Generasi.co – Menteri Keuangan, Sri Mulyani Indrawati, mengelukan kinerja luar biasa jajarannya di Direktorat Jenderal Pajak (DJP) Kementerian Keuangan. Angka penerimaan pajak terus meningkat signifikan sejak 1983, yang saat itu hanya sebesar Rp13 triliun.
Hal ini disampaikan Sri Mulyani dalam rangka memperingati Hari Pajak Nasional pada 14 Juli. Ia menegaskan bahwa pajak adalah tulang punggung sekaligus instrumen penting bagi sebuah bangsa dan negara untuk mencapai cita-citanya.
“Kita semua mengetahui bahwa untuk bisa terus menjaga Republik Indonesia, membangun negara ini, dan mencapai cita-cita kita, seperti menjadi negara maju dan sejahtera, penerimaan pajak sangatlah penting,” jelasnya dalam acara Spectaxcular 2024 di Plaza Tenggara GBK, Jakarta Pusat, pada Minggu (14/7).
Sri Mulyani menghargai upaya perbaikan yang berkelanjutan di lingkungan DJP. Menurutnya, setiap masa selalu ada inisiatif dari DJP untuk memperbaiki diri.

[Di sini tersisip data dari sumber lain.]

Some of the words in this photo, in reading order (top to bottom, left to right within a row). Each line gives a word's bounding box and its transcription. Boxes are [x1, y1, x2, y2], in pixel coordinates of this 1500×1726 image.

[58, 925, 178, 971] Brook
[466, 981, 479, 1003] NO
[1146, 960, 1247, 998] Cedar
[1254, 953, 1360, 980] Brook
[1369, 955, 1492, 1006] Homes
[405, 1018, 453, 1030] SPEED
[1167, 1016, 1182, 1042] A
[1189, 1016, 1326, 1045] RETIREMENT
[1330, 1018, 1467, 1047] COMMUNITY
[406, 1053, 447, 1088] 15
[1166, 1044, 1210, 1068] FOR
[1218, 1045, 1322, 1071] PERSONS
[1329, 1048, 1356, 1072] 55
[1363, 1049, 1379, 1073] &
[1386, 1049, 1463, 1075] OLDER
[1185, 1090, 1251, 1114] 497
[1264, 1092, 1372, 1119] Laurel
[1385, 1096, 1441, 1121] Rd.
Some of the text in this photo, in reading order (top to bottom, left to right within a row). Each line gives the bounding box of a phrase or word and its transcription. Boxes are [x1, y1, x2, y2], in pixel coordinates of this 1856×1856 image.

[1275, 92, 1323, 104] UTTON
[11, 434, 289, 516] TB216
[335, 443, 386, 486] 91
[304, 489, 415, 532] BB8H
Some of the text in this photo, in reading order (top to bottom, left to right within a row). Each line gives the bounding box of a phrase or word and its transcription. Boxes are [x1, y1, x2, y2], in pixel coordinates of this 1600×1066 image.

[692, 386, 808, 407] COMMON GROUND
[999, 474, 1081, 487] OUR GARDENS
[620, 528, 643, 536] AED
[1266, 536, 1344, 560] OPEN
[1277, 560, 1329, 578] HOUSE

Menkeu menilai angka penerimaan pajak pada 1983 yang sebesar Rp13 triliun terlampau kecil untuk penerimaan pajak nasional. Bahkan, besaran itu saat ini diperkirakan tidak lebih kecil dibandingkan dengan penerimaan di level Kantor Pelayanan Pajak (KPP).
“Kita juga lihat ini ada lini masa penerimaan pajak. Kalau pada tahun 1983, itu masih penerimaan pajak Rp13 triliun. Ini mungkin kalau di sini ada Kanwil Pajak dia mengatakan itu tempat saya salah satu KPP. Bahkan lebih kecil, betul enggak?” kata Sri Mulyani lebih lanjut.
Pada era reformasi pada 1998 hingga menjelang 2000, penerimaan pajak RI berada di posisi Rp400 triliun. Jika dibandingkan dengan target penerimaan pajak tahun ini, angkanya telah naik hampir lima kali lipat.
“Dan sekarang teman-teman Direktorat Jenderal Pajak bertanggung jawab di undang-undang APBN untuk mencapai target Rp1.988,9 triliun,” tutur Sri Mulyani.
Sri Mulyani menjelaskan bagaimana kondisi ekonomi global mempengaruhi perekonomian dalam negeri dari tahun ke tahun, yang juga berdampak pada kinerja penerimaan pajak.
Misalnya, pada 1983 saat terjadi banjir minyak, yang menyebabkan harga minyak naik menjadi US$24 dari US$12. Kemudian, pada 2000, perubahan teknologi digital mengubah gaya hidup serta cara hidup dan cara kerja ekonomi.
“Dan itu penerimaan pajak pasti terpukul. Kemudian kita menghadapi krisis keuangan di Indonesia dan krisis keuangan global.”
“Jadi, teman-teman Pajak semuanya mengikuti episode dalam perekonomian Indonesia yang dipengaruhi oleh ekonomi dunia. Di setiap naik, turun, gejolak atau sedang terjadi boom, kita semua bertanggung jawab,” ucap Sri Mulyani.